On the flipside of the Jets' win, New York happens to be lucky it survived without cornerback Darrelle Revis, who was knocked out in the first half with a left knee injury. The final word on Revis isn't going to be available until Monday morning after an MRI. Revis' backup, Kyle Wilson, was attacked almost immediately upon entering the game. Wilson was thrown on at least eight times the rest of the game. He wasn't awful, but Wilson's reputation is that of a guy who is soft and just happy to be in the NFL. He needs to change that fast.
• Congrats to Minnesota for the great aforementioned victory over San Francisco. But did Toby Gerhart fumble three times in the Vikings' final two possessions? Gerhart appreciates Jim Harbaugh for all that they did for each other at Stanford, but this was an unhealthy way to repay his old coach.
•The Indianapolis Colts have a fair amount to be proud of for being in position to get its second consecutive win at home. However, giving up an 80-yard touchdown – Blaine Gabbert to Cecil Shorts – was unacceptable. There has to be a defender over the top to prevent someone from breaking loose for that type of score that late in the game.

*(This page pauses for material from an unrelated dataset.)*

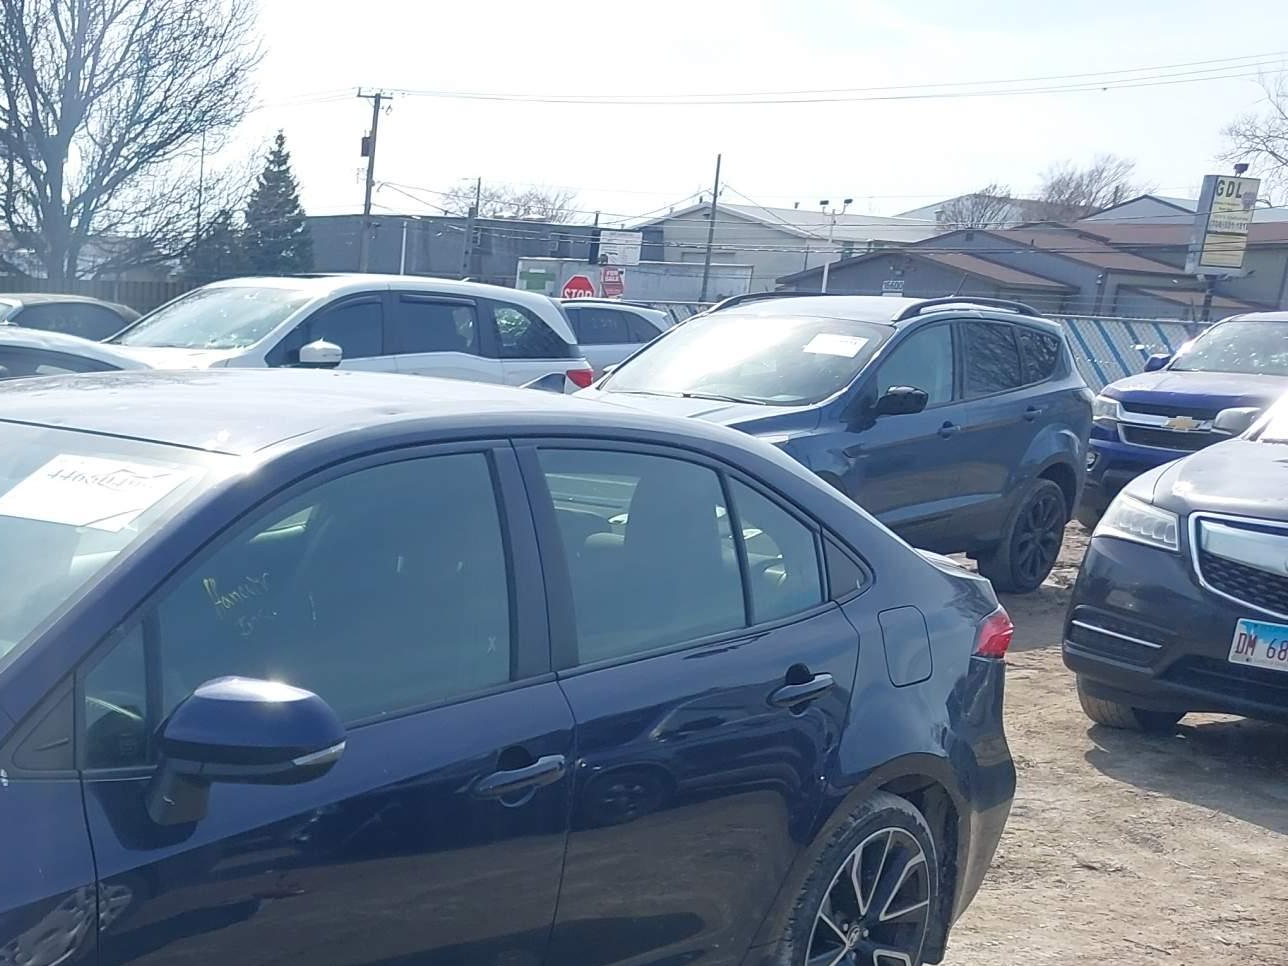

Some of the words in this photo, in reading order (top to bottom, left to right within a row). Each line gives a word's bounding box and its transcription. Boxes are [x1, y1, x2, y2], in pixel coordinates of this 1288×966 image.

[1216, 180, 1242, 198] GDL
[564, 288, 592, 298] STOP
[1235, 633, 1257, 656] DM
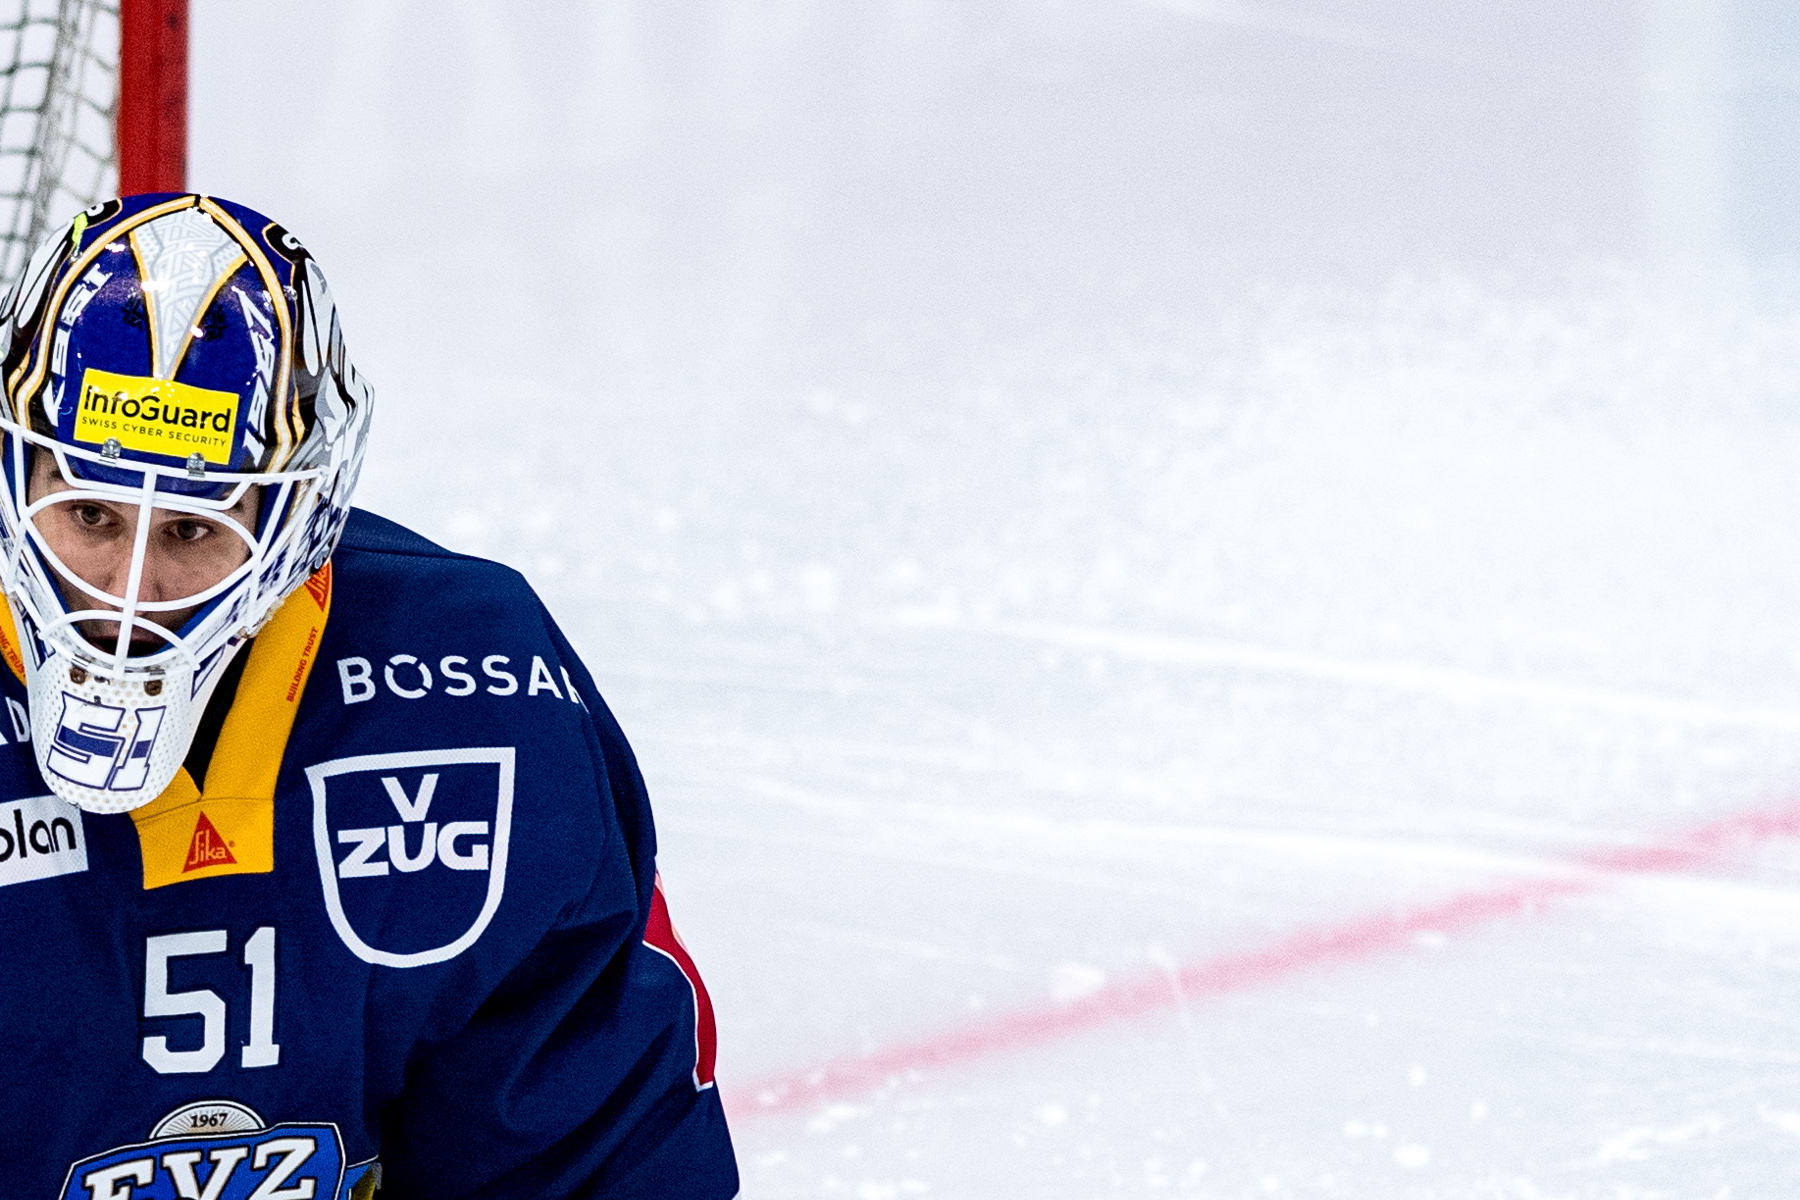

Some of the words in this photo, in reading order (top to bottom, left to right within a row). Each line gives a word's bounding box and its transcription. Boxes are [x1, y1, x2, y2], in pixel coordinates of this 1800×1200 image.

• Miami quarterback Ryan Tannehill wasn't the only reason the Dolphins lost to the Jets. However, he wasn't great (16-of-36 for 196 yards) and his one interception was a killer, as it was returned for a touchdown by LaRon Landry. Those plays happen, but this one was telegraphed. It was at least the fifth time in the game (the play happened just after halftime) that Tannehill had rolled right before throwing. Tannehill loves to push that play, a favorite, to the limit and every step you take to the right shrinks the field. In this case, Tannehill pushed the X's and O's too far.
• Dear Miami defensive end Jared Odrick, that sack dance you did in the second quarter on Sunday against the Jets, umm, how do I say this? No.